*PROBLEM DESCRIPTION*. The entries below must be reproduced exactly; their pictures are not part of the copy.

Referring expression grounding data
··········

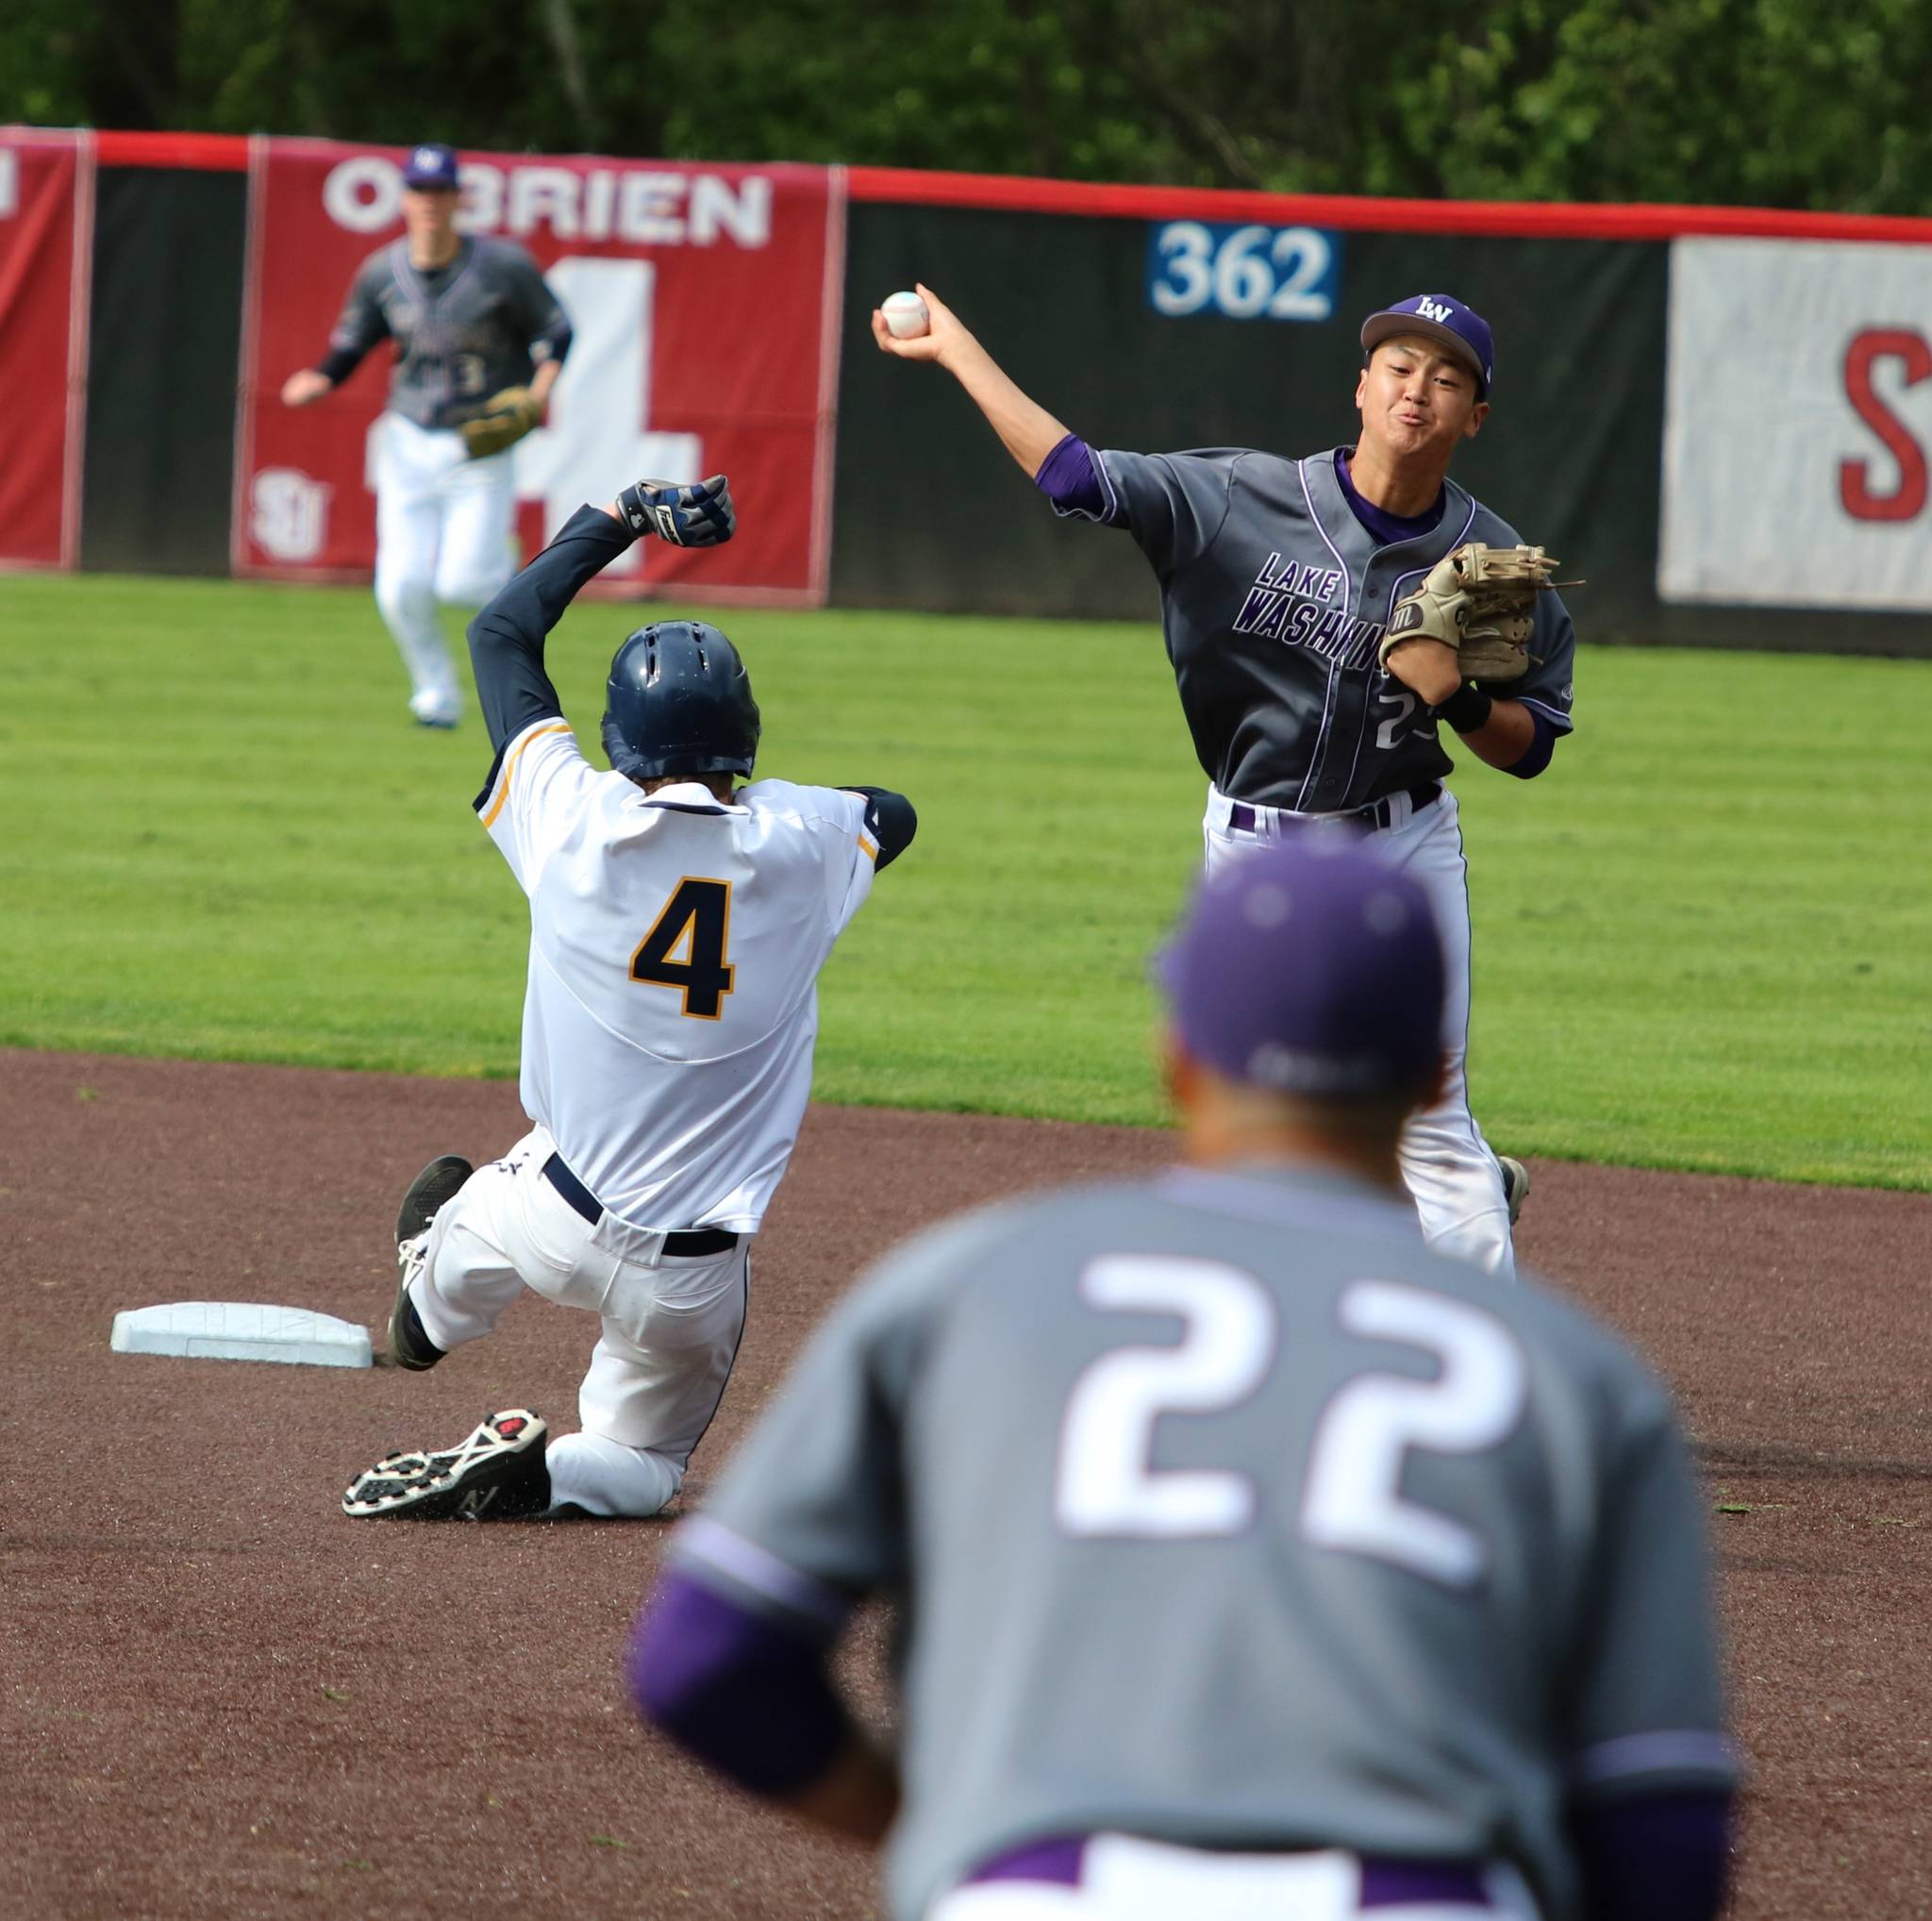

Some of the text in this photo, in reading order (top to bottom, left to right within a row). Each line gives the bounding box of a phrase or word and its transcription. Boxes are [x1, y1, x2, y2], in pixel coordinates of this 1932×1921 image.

[322, 157, 772, 248] OBRIEN
[1152, 220, 1332, 321] 362
[1415, 296, 1454, 324] LW
[1840, 326, 1932, 524] S
[1255, 551, 1341, 603] LAKE
[1232, 587, 1391, 677] WASHIN
[1374, 693, 1437, 750] 2
[628, 876, 736, 1021] 4
[1056, 1252, 1528, 1589] 22
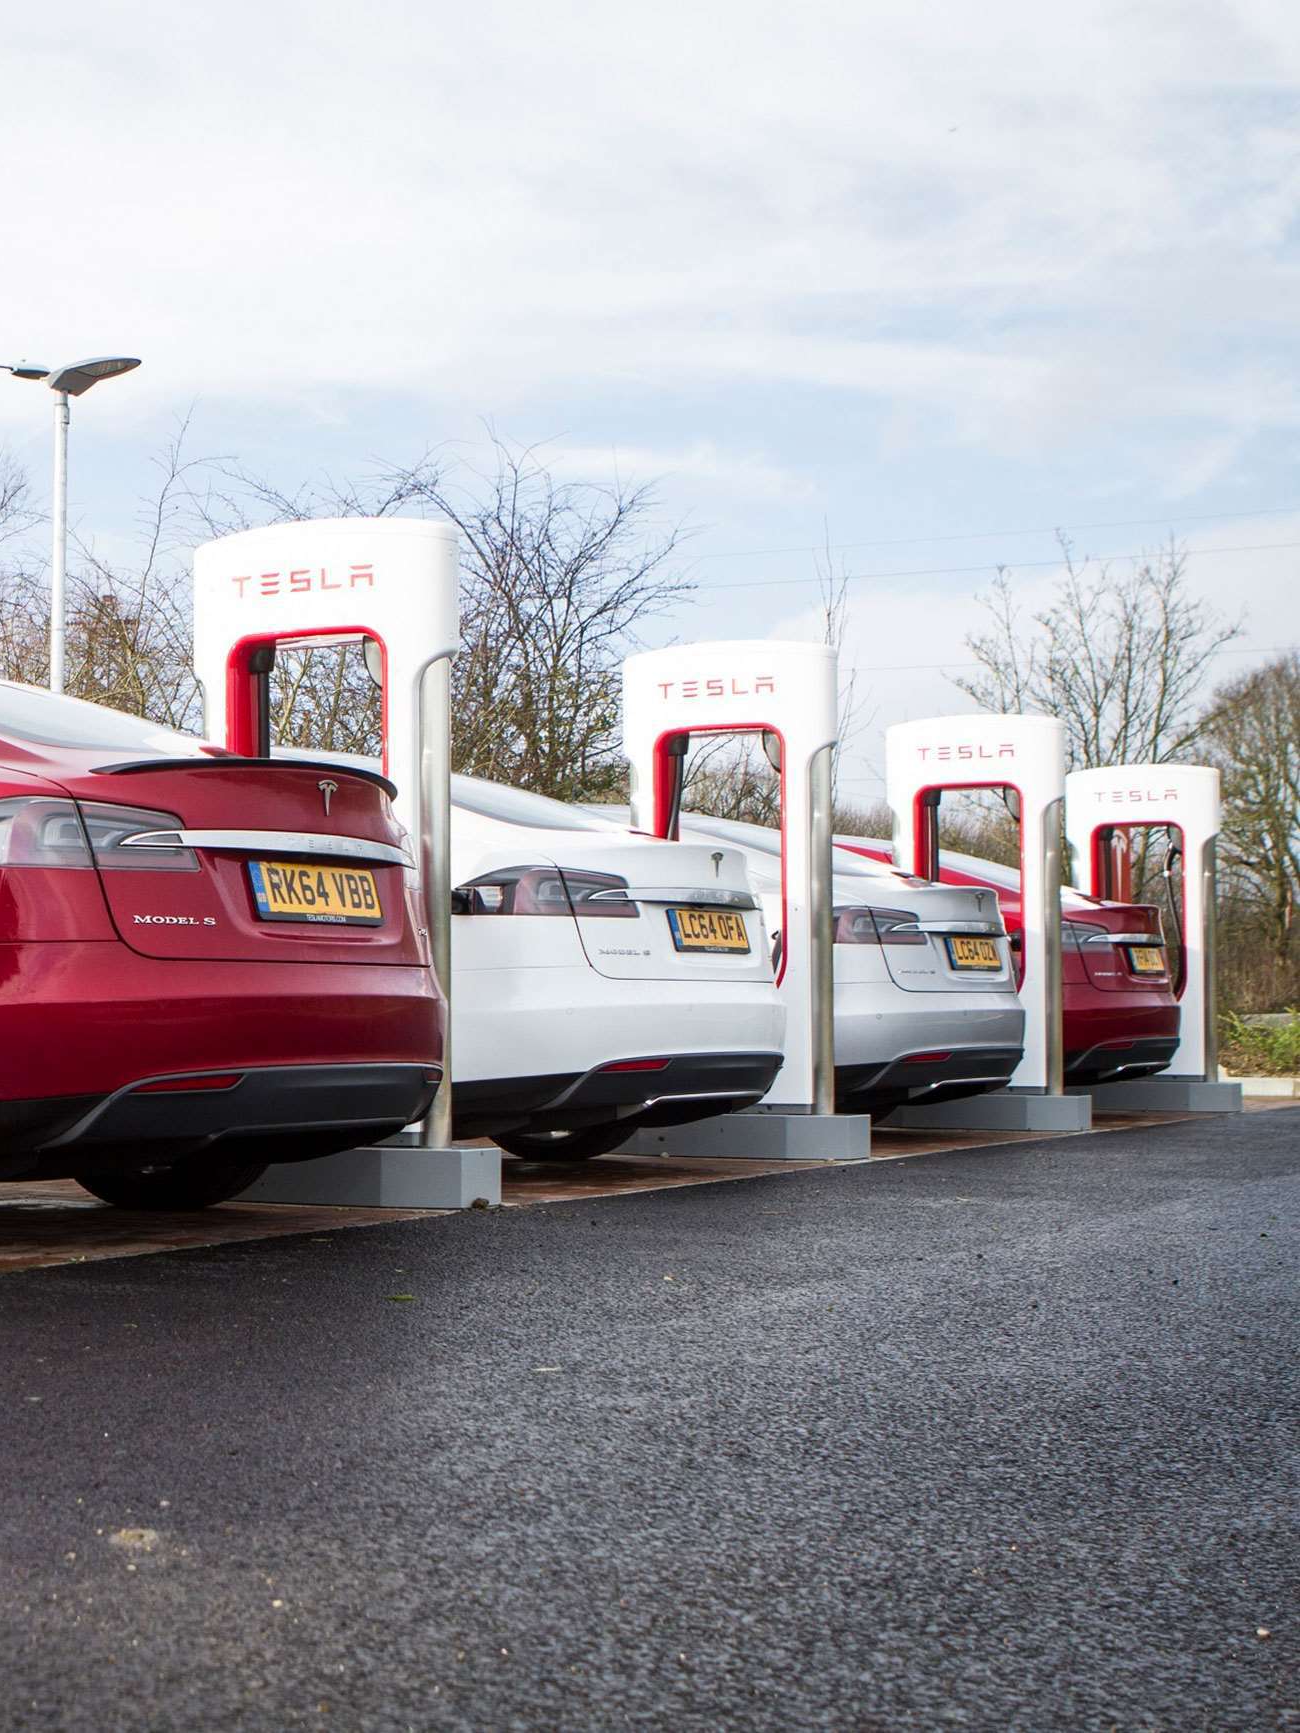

··········

*PROBLEM SOLUTION*.
Some of the text in this photo, in reading order (top to bottom, left to right within a row). Each line gives the bounding box of a phrase or word and its transcription. Boxes are [x1, y1, x2, y2], in pixel coordinates of this 1932×1921 image.

[322, 157, 772, 248] OBRIEN
[1152, 220, 1332, 321] 362
[1415, 296, 1454, 324] LW
[1840, 326, 1932, 524] S
[1255, 551, 1341, 603] LAKE
[1232, 587, 1391, 677] WASHIN
[1374, 693, 1437, 750] 2
[628, 876, 736, 1021] 4
[1056, 1252, 1528, 1589] 22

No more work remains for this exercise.